*WHAT TO WORK ON*
Reproduce each entry exactly as written.

*INPUT RECORDS*

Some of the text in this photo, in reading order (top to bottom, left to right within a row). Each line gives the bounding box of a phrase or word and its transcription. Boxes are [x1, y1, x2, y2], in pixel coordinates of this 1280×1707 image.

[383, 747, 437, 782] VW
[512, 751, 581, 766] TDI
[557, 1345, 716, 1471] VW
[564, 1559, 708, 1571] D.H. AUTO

*WRITTEN ANSWER*
Some of the text in this photo, in reading order (top to bottom, left to right within a row). Each line gives the bounding box of a phrase or word and its transcription. Boxes are [x1, y1, x2, y2], in pixel coordinates of this 1280×1707 image.

[383, 747, 437, 782] VW
[512, 751, 581, 766] TDI
[557, 1345, 716, 1471] VW
[564, 1559, 708, 1571] D.H. AUTO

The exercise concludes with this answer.